Steam Turbine Components – All Components in Detail

Here I will explain the steam turbine components.

1. Stop Valve
The stop valve of the steam turbine serves to isolate the turbine from the steam stream and also to quickly stop the supply of steam to the turbine under certain conditions. For example in case of loss of electrical load at a steam power plant from the the grid – we know it as a load rejection – the stop valve will quickly close in a split second. This is useful for avoiding overspeed on the turbine due to the presence of pressurized steam entering the turbine but no electrical load on the generator. The stop valve opens by the working of the hydraulic actuator and closes by the spring.

2. Control Valve
Control Valve is to control the flow of steam into the turbine in accordance with the existing load. In the steam power plant, the control valve opening depends on the amount of electrical load in the generator.

3. Electrohydraulic actuators on Stop and Control Valve
The actuators for stop and control valve on steam turbine power plant use the “fail-safe” principle. That is, the valves are opened by the hydraulic actuator and closed by force from the spring. The differences between the stop valve and control valve actuators is on the stop valve does not need to use the valve position sensor as in the control valve. The stop valve uses only a limit switch sensor.

Working Principles of Hydraulic Actuators with Spring

4. Extraction Steam Line and its Check Valve
Extraction steam is a steam taken from certain stages in a steam turbine that is used for many things, such as preheating water (feedwater before boiler entry), turbine sealing system, sootblower system, etc.

In the pipeline extraction steam shall be installed check valve to prevent backflow from the steam. For example in the case of load rejection above, the flow of water back into the turbine, especially on the side of the superheater turbine will cause a termal stress on the steam turbine components.

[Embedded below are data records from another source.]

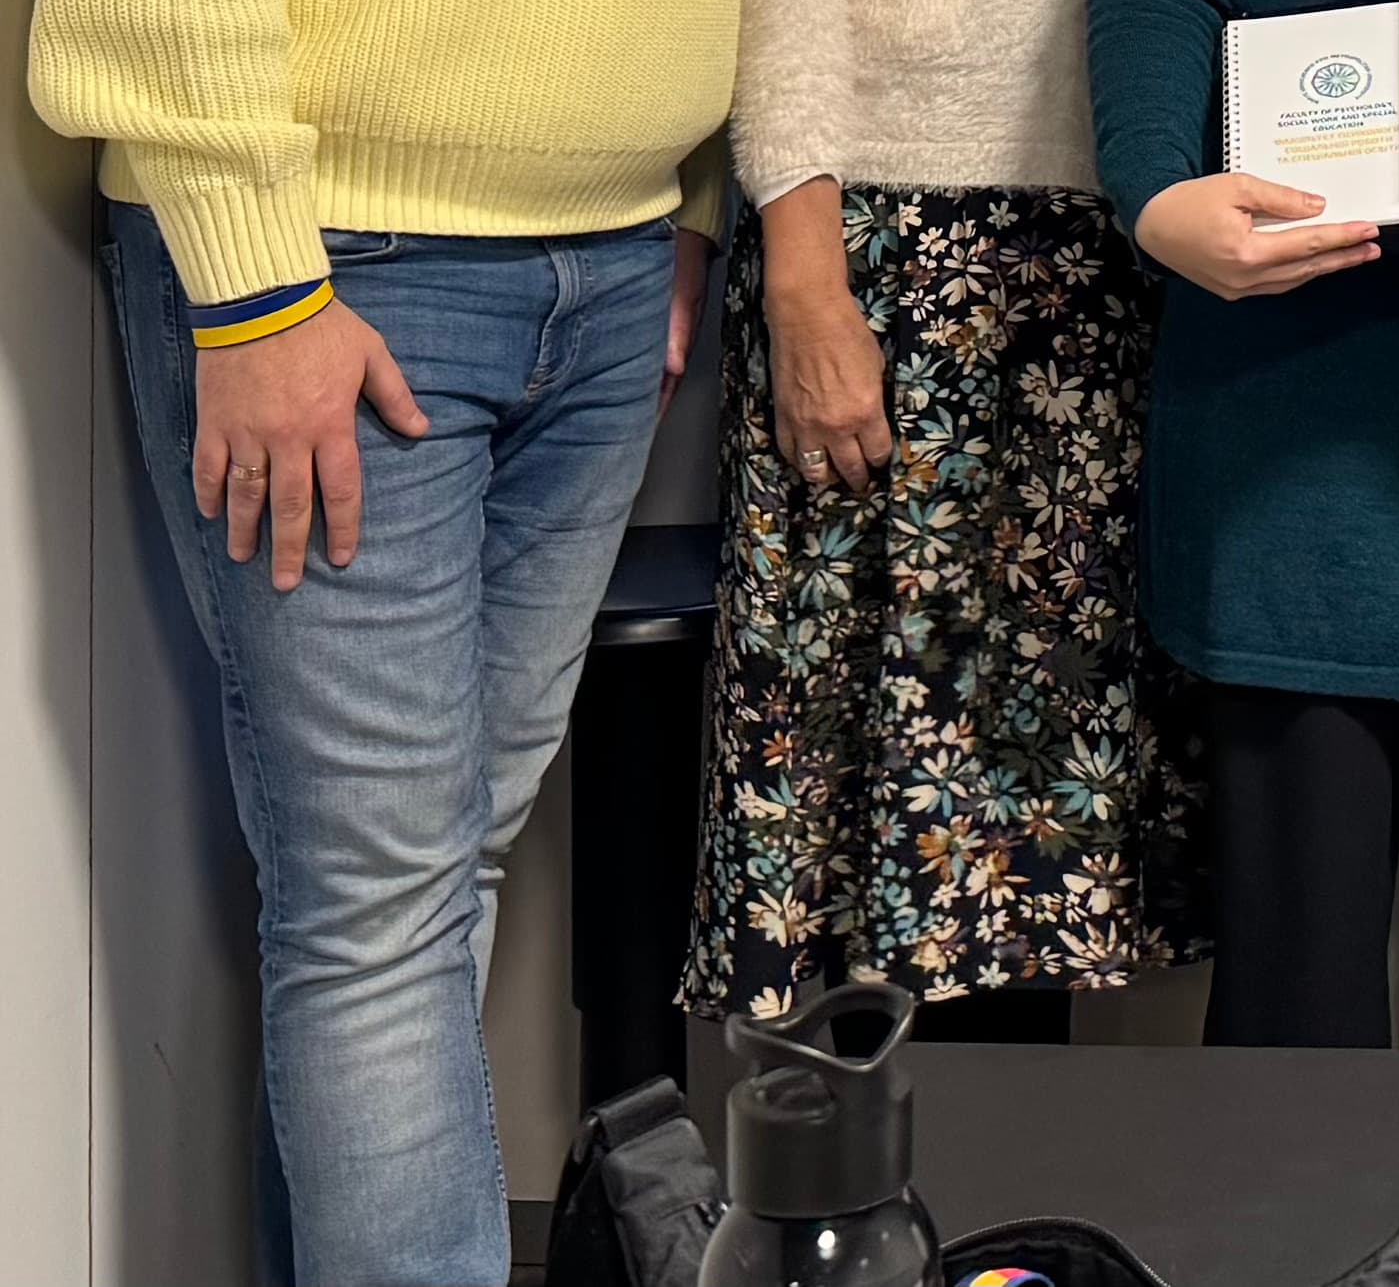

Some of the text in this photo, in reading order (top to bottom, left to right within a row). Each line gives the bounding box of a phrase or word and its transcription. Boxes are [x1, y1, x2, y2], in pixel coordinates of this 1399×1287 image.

[1280, 109, 1318, 119] FACULTY
[1320, 107, 1333, 115] OF
[1278, 118, 1308, 128] SOCIAL
[1311, 115, 1338, 124] WORK
[1341, 113, 1360, 121] AND
[1312, 121, 1364, 132] EDUCATION
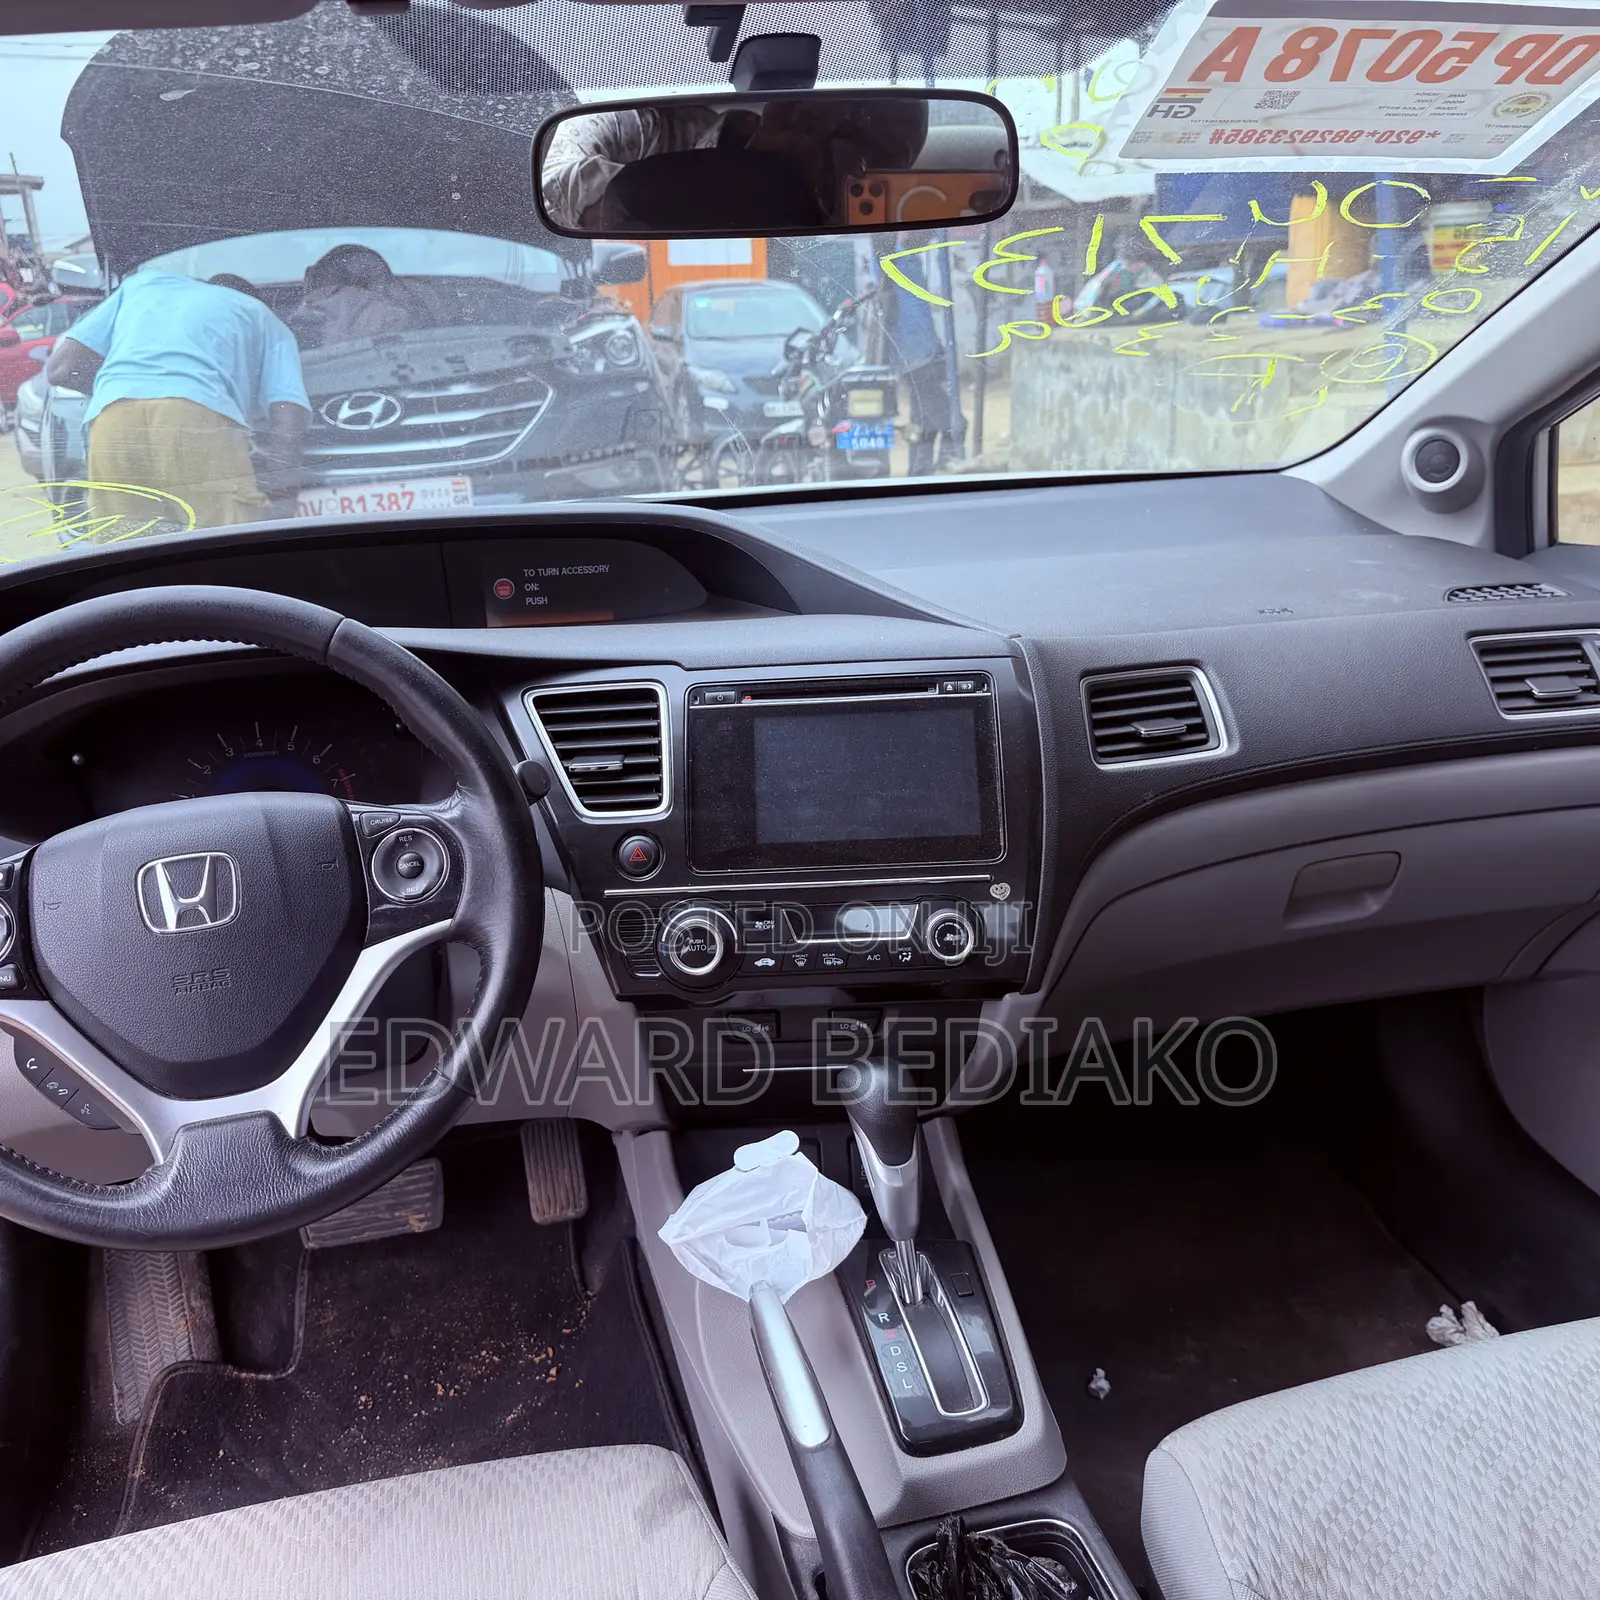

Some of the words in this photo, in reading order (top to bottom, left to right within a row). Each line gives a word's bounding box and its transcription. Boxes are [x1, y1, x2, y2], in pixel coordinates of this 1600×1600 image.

[523, 569, 535, 577] TO
[538, 567, 559, 576] TURN
[562, 564, 610, 575] ACCESSORY
[526, 597, 548, 605] PUSH
[287, 741, 294, 751] 5
[225, 748, 234, 757] 3
[312, 755, 320, 764] 6
[203, 765, 212, 775] 2
[370, 818, 394, 826] CRUISE
[398, 861, 421, 869] CANCEL
[686, 944, 707, 952] AUTO
[172, 968, 231, 984] SRS
[175, 979, 232, 995] AIRBAG
[878, 1313, 890, 1323] R
[890, 1345, 901, 1356] D
[896, 1362, 907, 1372] S
[902, 1379, 912, 1389] L
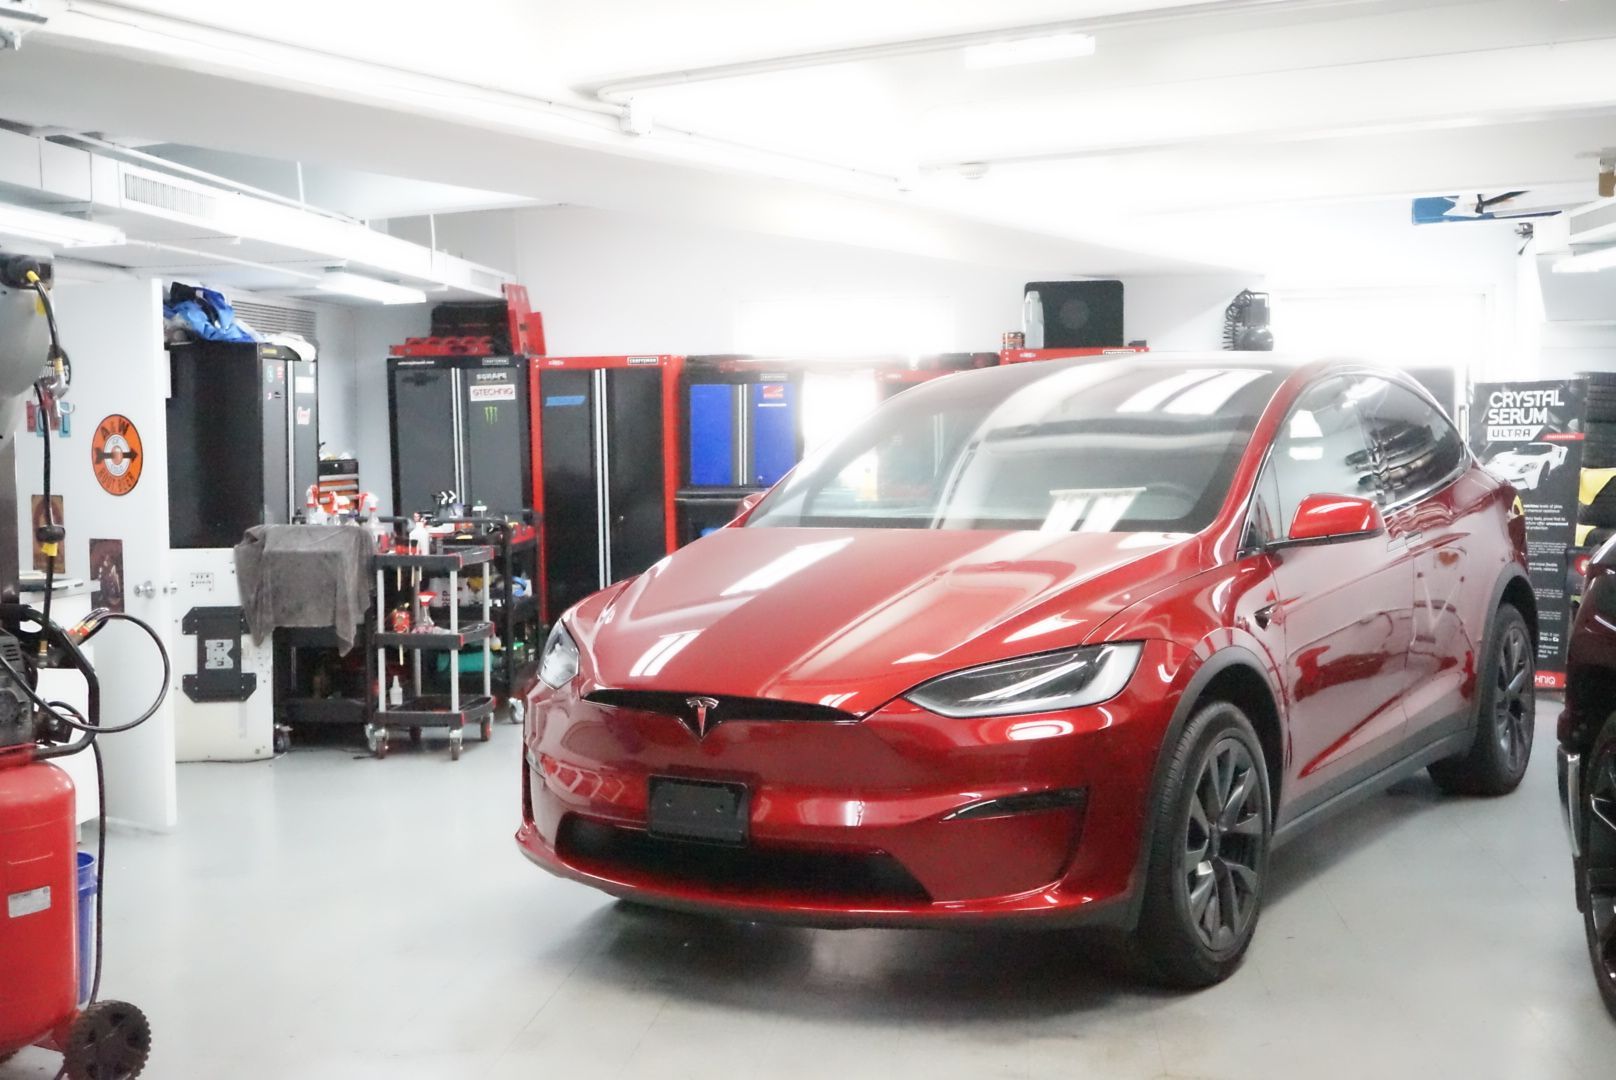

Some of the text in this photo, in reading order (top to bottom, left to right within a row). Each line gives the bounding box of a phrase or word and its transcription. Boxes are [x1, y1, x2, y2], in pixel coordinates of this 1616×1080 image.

[1489, 389, 1565, 408] CRYSTAL
[1487, 407, 1548, 425] SERUM
[1492, 428, 1531, 438] ULTRA
[1534, 674, 1556, 685] HNIQ

Swing Check Valve and Power Assisted Swing Check Valve

The check valve is commonly using Swing Check Valve or Power Assisted Swing Check Valve type. Swing Check Valve opens up by the large differences in steam pressure. And in the event of steam flow interuption (as in the case of load rejection) this check valve will close as the result of the weight of the valve itself. While the Power Assisted Swing Check Valve uses additional actuators to close the valve. Otherwise, to open the valve does not need to use the actuator. It will open by the pressure difference of the steam flow in the pipe.

5. Bearing
The steam turbine use bearing as a part to reduce friction between the shaft (the rotating part) with the casing (stator). Bearings are equipped with circulating and pressurized lubricating oil. To compensate the gravity of the turbine the journal bearing is used, whereas to compensate for the axial forces arising from the steam flow inside the turbine, thrust bearing is used.

6. Hydraulic Turning Gear
It is a mechanism to rotate the turbine rotor at initial start or at the time after shut down to prevent distortion/bending resulting from uncoordinated heating or cooling process on the rotor. This system uses a hydromatic motor whose rotating power comes from a high pressure hydraulic system.

7. Balance Piston
Balance Piston on steam turbine is to compensate the emergence of axial forces due to the flow of the steam insidenthe turbine. This component mitigates the work of thrust bearing.